In Randleman v Fidelity Nat'l Title Ins Co, No. 09-4533, 2011 U.S. App. LEXIS 9915 (6th Cir., May 16, 2011), the United States Court of Appeals for the Sixth Circuit addressed an issue of first impression – the standard of review applicable to orders decertifying classes – and held that the district courts did not abuse their discretion in concluding that the claims presented by two similar "putative classes [were] not amenable to class-wide resolution" and affirmed the district courts' respective judgments.

These two similar actions involved disputes regarding the premium rates charged on title insurance policies issued to homeowners who had previously purchased title insurance for the same property from another insurer within ten years. Id. at *1-2. The defendant title insurer in each action – Fidelity National Title Insurance Company and First American Title Insurance Company (collectively, the "Insurers") – issued new title insurance policies to the homeowner plaintiffs but failed to offer or provide a discounted "refinance" rate as required under certain circumstances by the Ohio Title Insurance Rating Bureau's "Rate Manual."

Under this "Rate Manual," title insurers transacting business in Ohio are required to charge a discounted premium rate for policies issued in connection with refinancing transactions where a different insurer has issued a policy on the same property within the previous ten years. Id. at *3-4. The plaintiff homeowners were allegedly unaware of this premium rate discount and, consequently, they never requested the discount or submitted the necessary documentation to establish that they had recently purchased title insurance. Id. at *4-7.

The plaintiff homeowners in both actions alleged that by not providing the rate discount, the Insurers overcharged them in violation of their filed rates.

In the first action, membership in the proposed class turned upon each individual homeowner's "entitlement" to receive the rate discount.

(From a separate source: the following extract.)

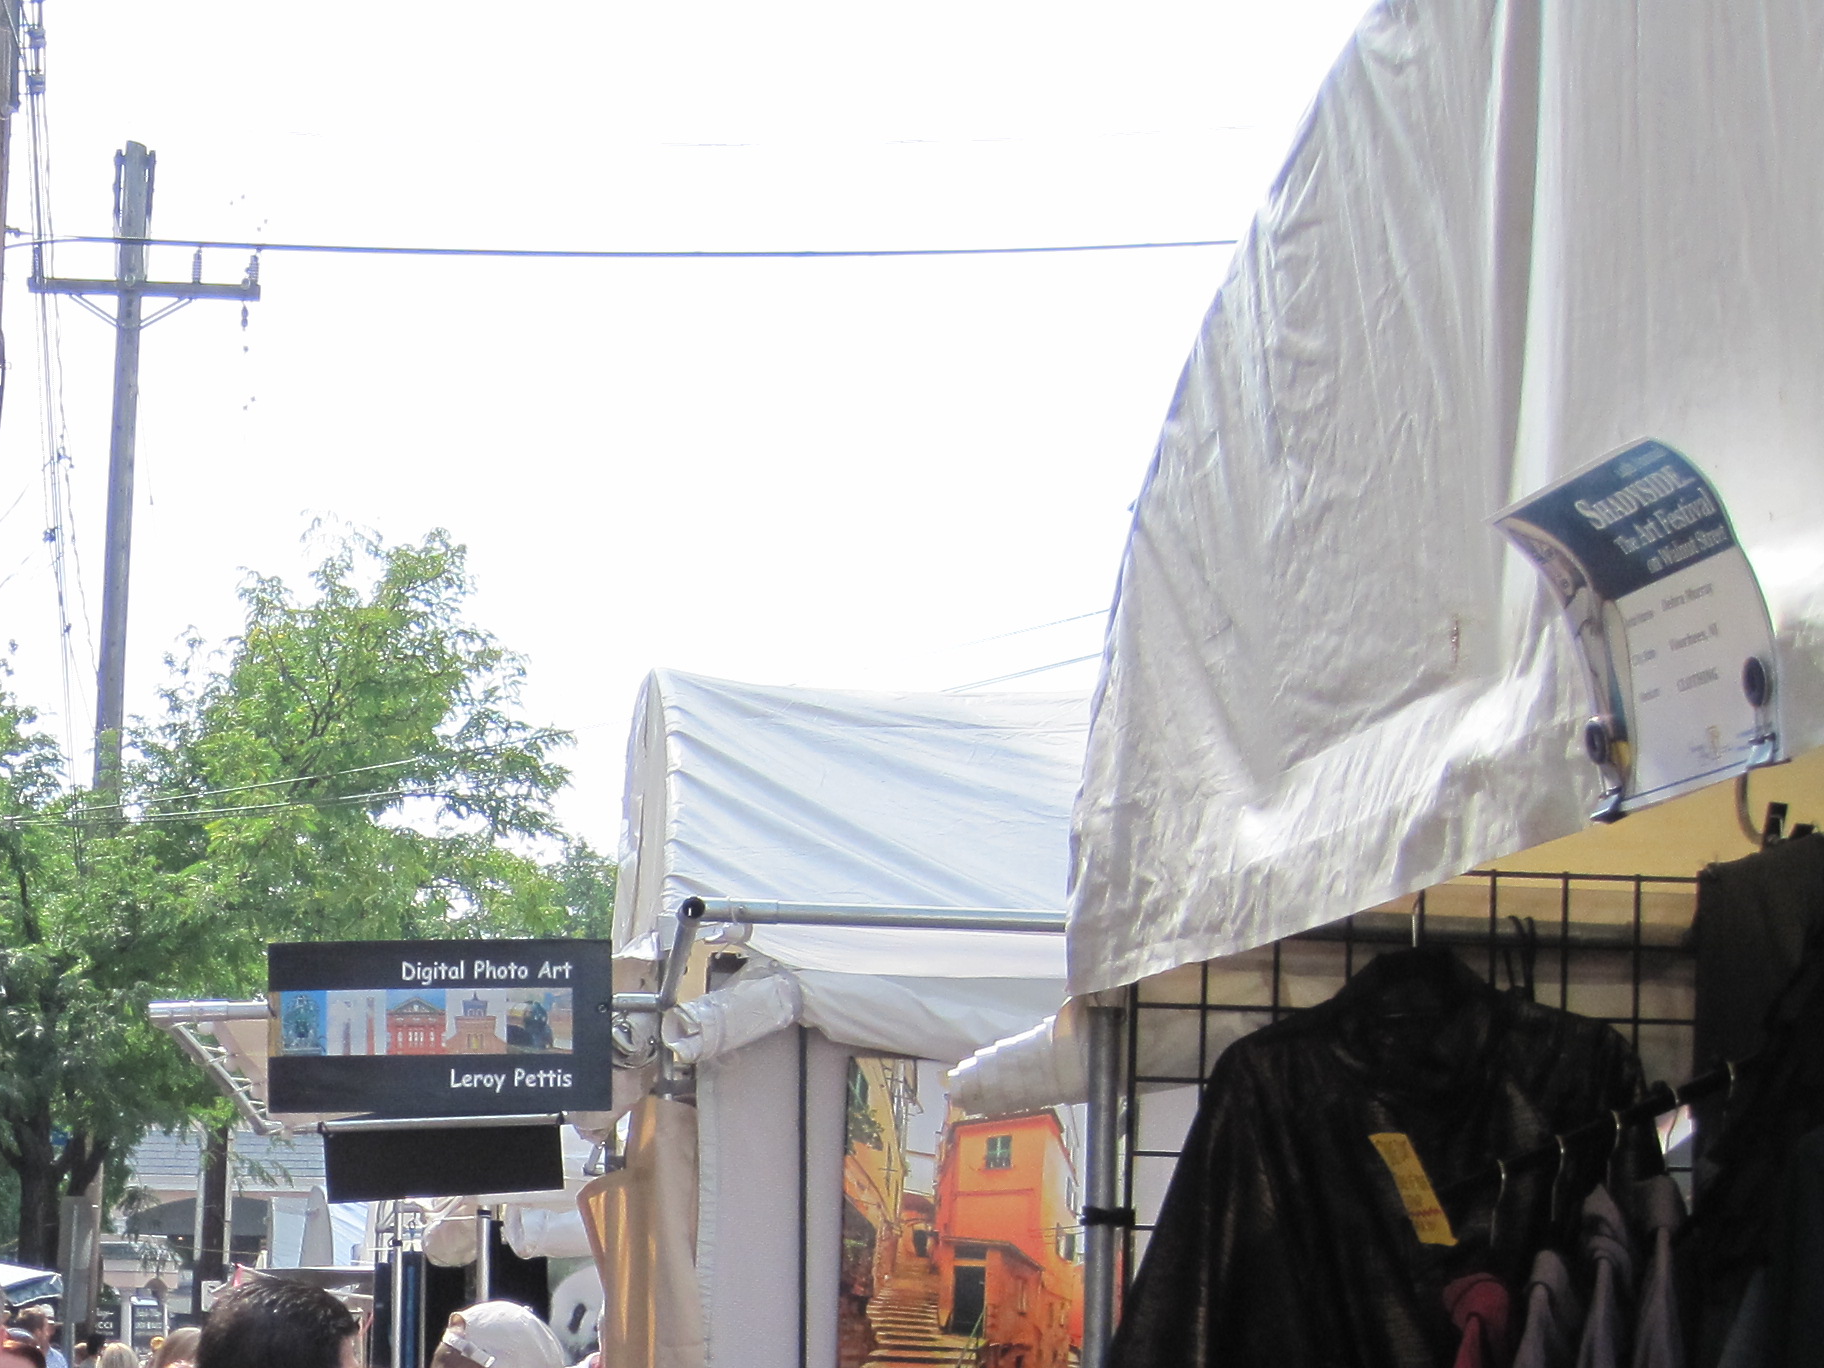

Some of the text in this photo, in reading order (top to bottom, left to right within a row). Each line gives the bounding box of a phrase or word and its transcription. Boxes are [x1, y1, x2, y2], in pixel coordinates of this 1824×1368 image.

The district court initially certified the proposed class based upon its preliminary presumption that the existence of a prior mortgage invariably notified the Insurer of a prior policy and thus "eligibility" could be determined according to each individual homeowner's insurance application.Id. at *5. However, the district court in this action subsequently learned that mortgagees often rely on opinion letters or title guarantees in lieu of purchasing title insurance. Id. Thus, the district court found that liability could only be determined on an individual basis and thus the putative class failed to meet the commonality or typicality requirements of Federal Rule of Civil Procedure 23, and that common questions did not predominate. Thus, the district court decertified the class.

In the second action, the proposed class included all homeowners who had refinanced a mortgage within the ten-year look-back period. Id. at *7-8. In this action, the district court likewise concluded that the proposed putative class failed to meet the commonality or typicality requirements of FRCP 23, and that common questions did not predominate. Thus, the district court denied the plaintiff homeowners' motion for class certification.

On appeal, the Sixth Circuit stated preliminarily that it had not previously addressed the standard of review applicable to orders decertifying classes, and adopted the highly deferential, "abuse-of-discretion" standard, which other circuits have applied to certification orders. Id. at *9-10.

The Sixth Circuit concluded that the allegations of the respective putative classes implicated substantial individual inquiries and, therefore, the actions were not amenable to class-wide resolution. Thus, the Sixth Circuit held that the district courts did not abuse their discretion and affirmed the district courts' respective class certification decisions.